ИГОРЬ УГОЛЬНИКОВ. ...За несколько недель до гибели с ним творилось что-то невообразимое. Он вдруг становился рассеянным, молчаливым. Все больше уходил в себя. Мог сильно огрызнуться по телефону. Я понимал, что он напряженно решал что-то. Решал, сомневался, боялся. Чувствовалось, что он пытался себя «осмелить», если так можно сказать.

ТАТЬЯНА ИВАНОВА. Насколько я понимаю, на тот момент было два конфликта, требовавших разрешения. Точнее, даже не конфликты, а две ситуации. Первое — то, что Влад хотел упорядочить выход рекламы на канале. Если раньше существовало множество маленьких реклам-ных агентств, то Влад хотел создать единую рекламную службу. Строго говоря, это и произошло после его смерти. Второй конфликт связан с версткой канала, которую он видел по-своему. Те программы, что шли в эфире, должны были доказать свое право на существование.

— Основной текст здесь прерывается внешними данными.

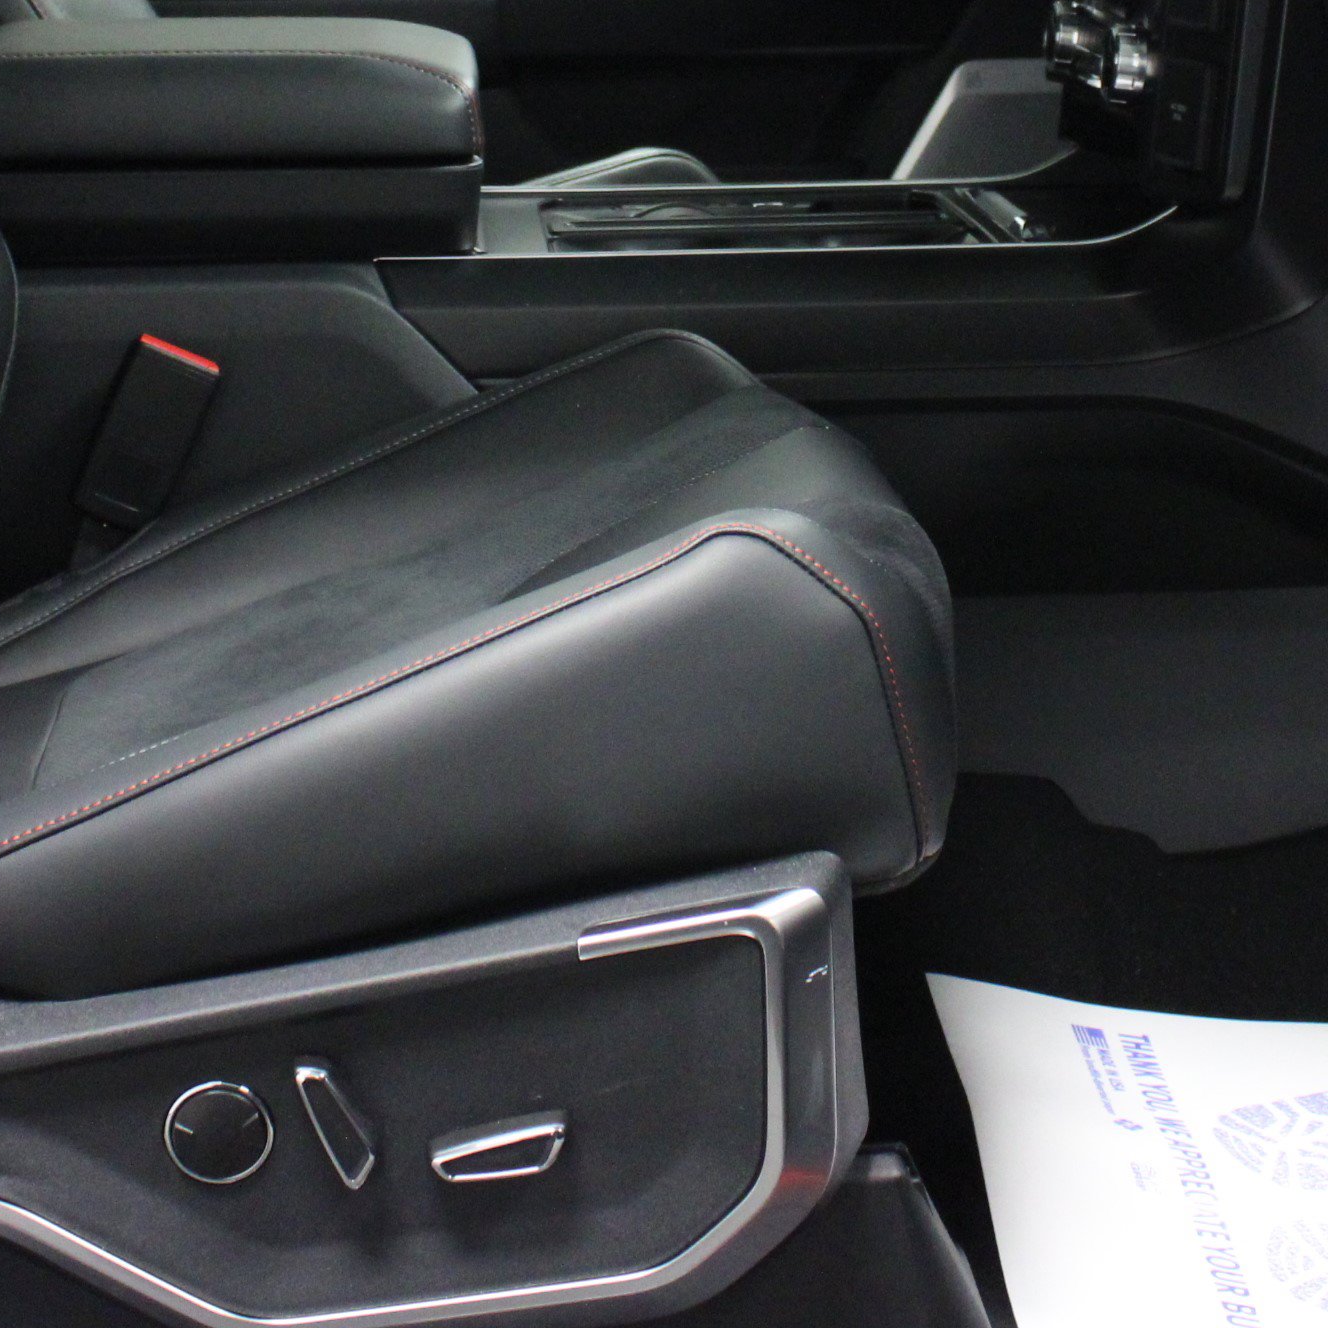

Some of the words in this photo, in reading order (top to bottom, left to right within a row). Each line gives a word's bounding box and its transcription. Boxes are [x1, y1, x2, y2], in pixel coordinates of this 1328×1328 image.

[1118, 1032, 1166, 1082] THANK
[1138, 1082, 1179, 1112] YOU,
[1153, 1116, 1193, 1139] WE
[1164, 1136, 1231, 1242] APPRECIATE
[1201, 1245, 1250, 1298] YOUR

ЕЛИЗАВЕТА КУЗЬМИНА. Как секретарь, я не могу вспомнить никаких угроз в адрес Влада. Его угнетенное состояние я связывала лишь с профессиональными проблемами. И только. Лично у меня не сложилось ощущения предгрозового напряжения. Хотя, конечно, я многого не знала. Помню только, что в «Останкино» была встреча 14 человек из Совета директоров. Влад вернулся оттуда очень мрачный. Когда его спрашивали журналисты, он говорил: «Читайте в газетах, там все написано». А потом выяснилось, что на этой встрече было принято решение о запрете рекламы на определенный период.